**Input data:**
=-=-=-=-=
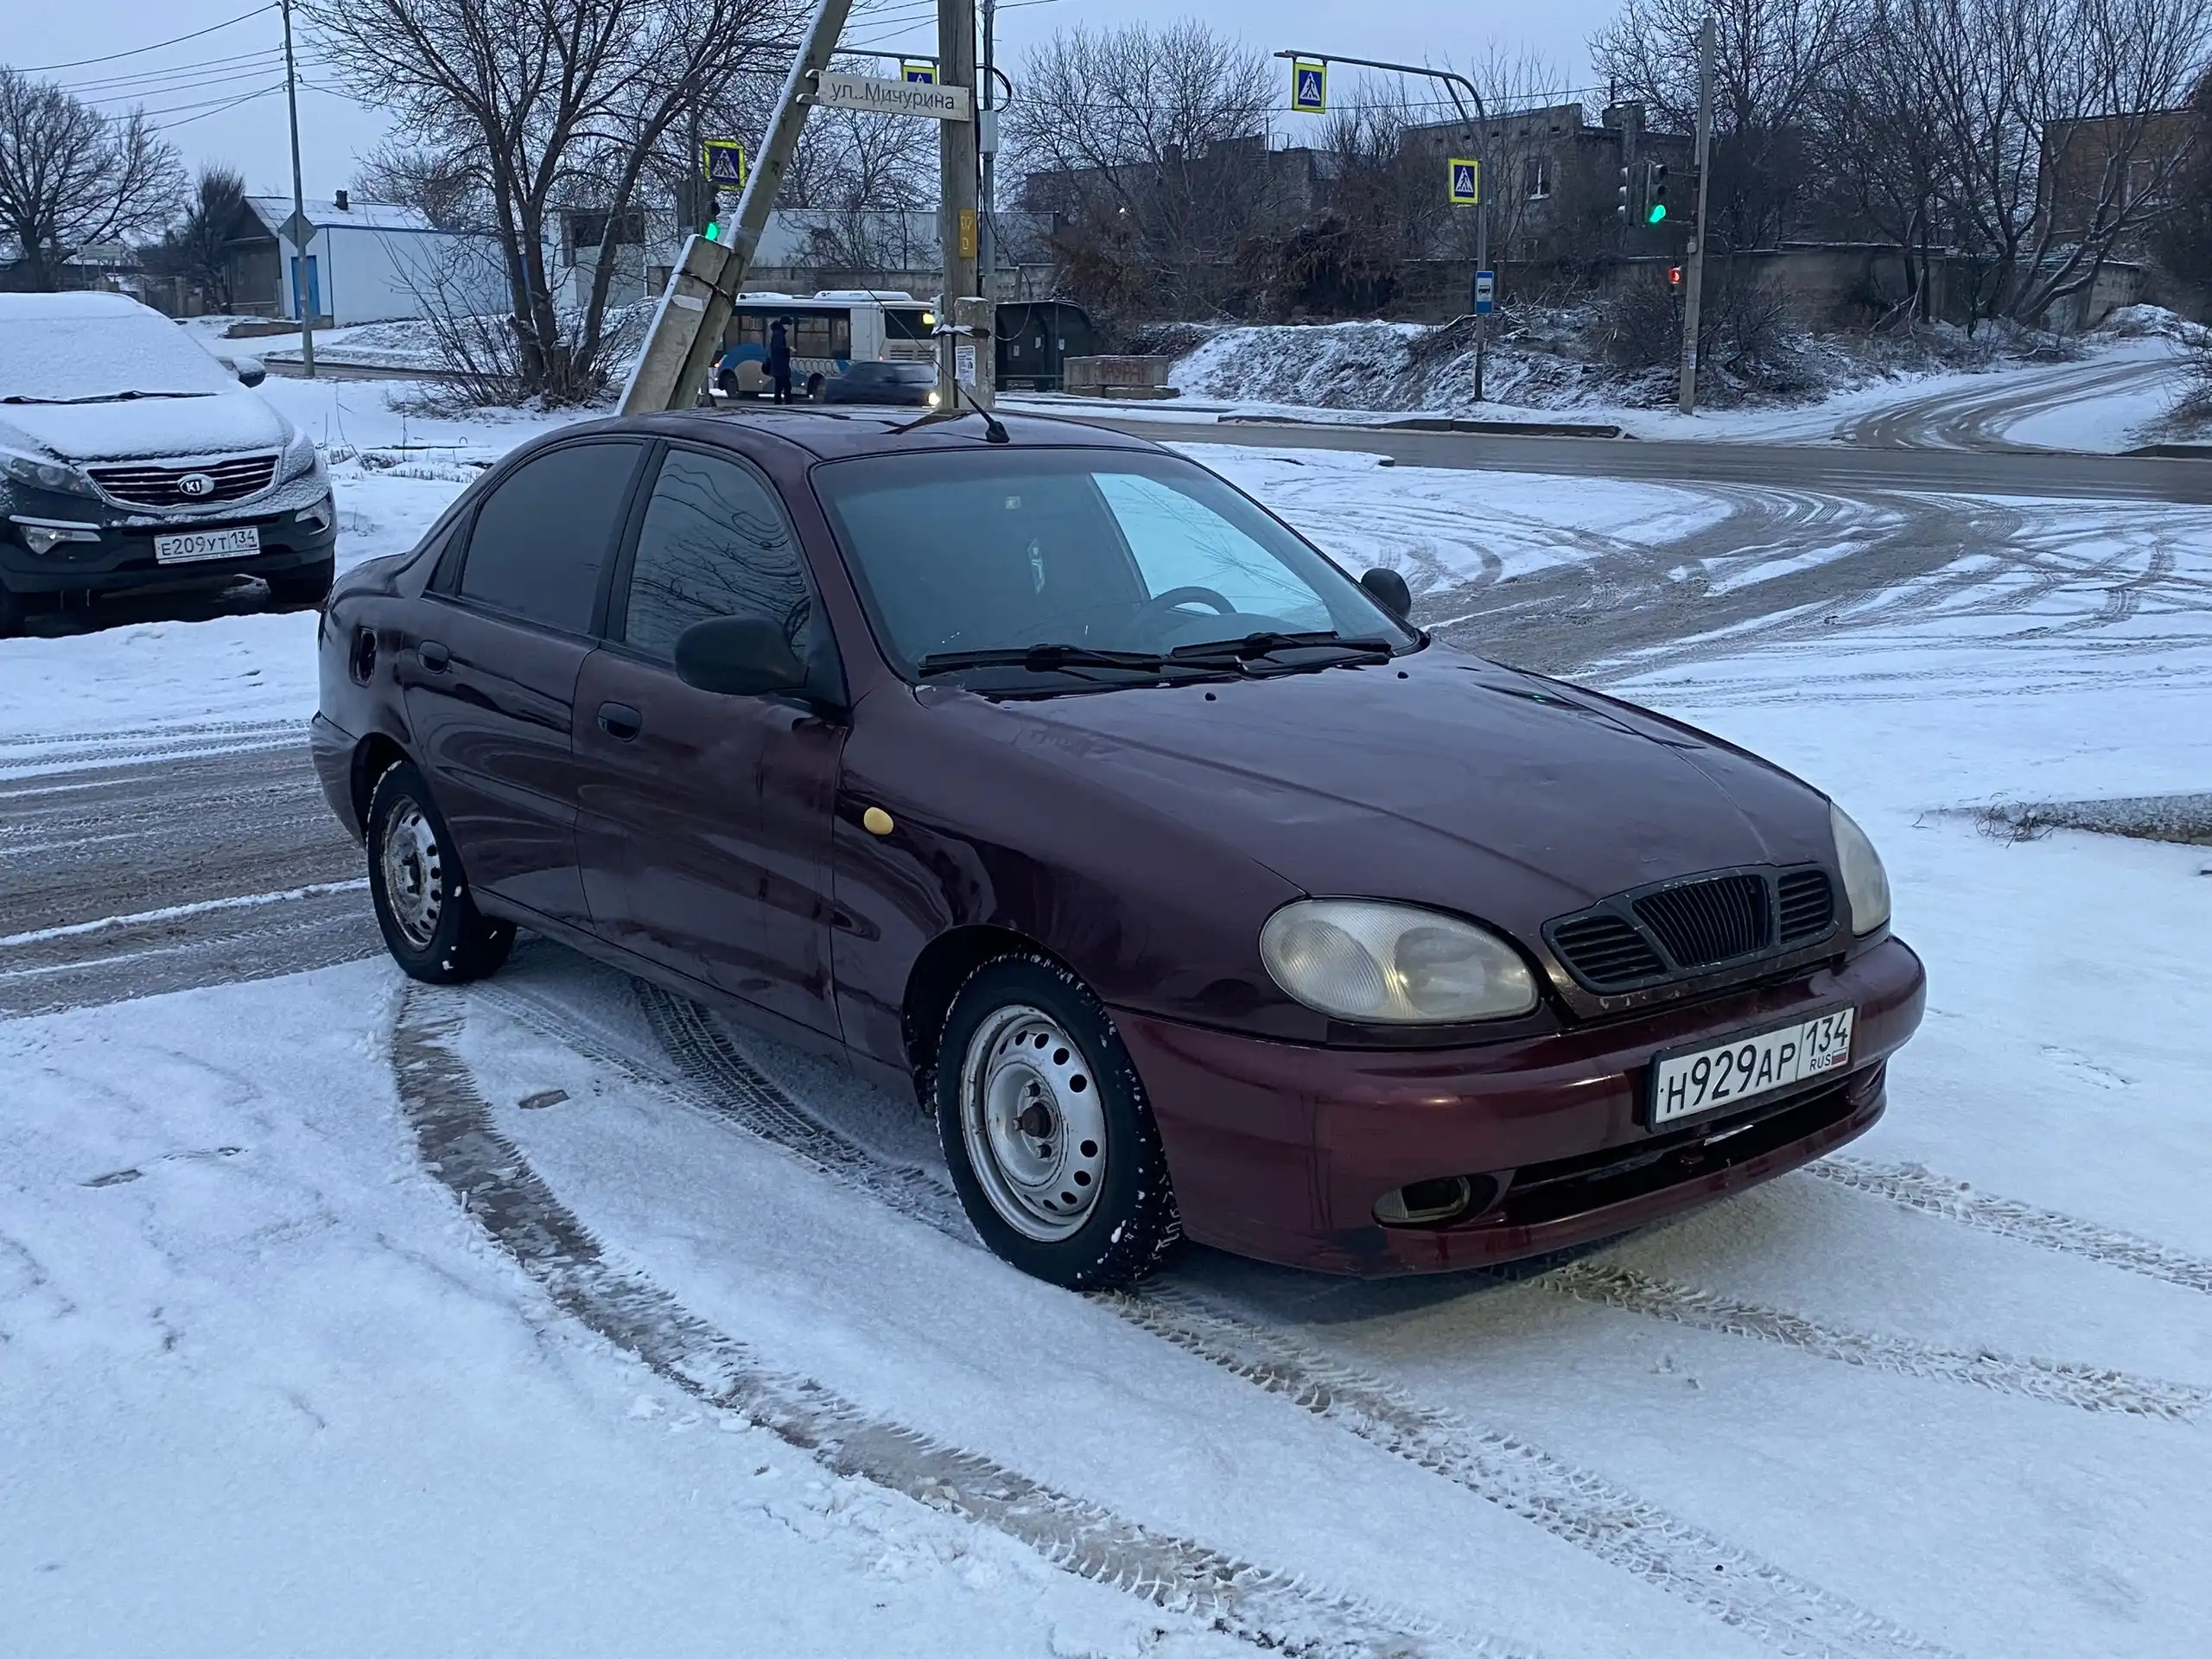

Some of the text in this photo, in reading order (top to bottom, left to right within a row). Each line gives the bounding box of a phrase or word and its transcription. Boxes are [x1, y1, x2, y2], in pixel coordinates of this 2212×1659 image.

[865, 82, 955, 110] Мичурина
[161, 530, 256, 556] Е209УТ 134
[1667, 1011, 1848, 1114] Н929АР 134
[1810, 1053, 1832, 1072] RUS
=-=-=-=-=
**Problem requirements:**
Retype everything in the entries exactly except the pictures.

**Answer below:**
Some of the text in this photo, in reading order (top to bottom, left to right within a row). Each line gives the bounding box of a phrase or word and its transcription. Boxes are [x1, y1, x2, y2], in pixel coordinates of this 2212×1659 image.

[865, 82, 955, 110] Мичурина
[161, 530, 256, 556] Е209УТ 134
[1667, 1011, 1848, 1114] Н929АР 134
[1810, 1053, 1832, 1072] RUS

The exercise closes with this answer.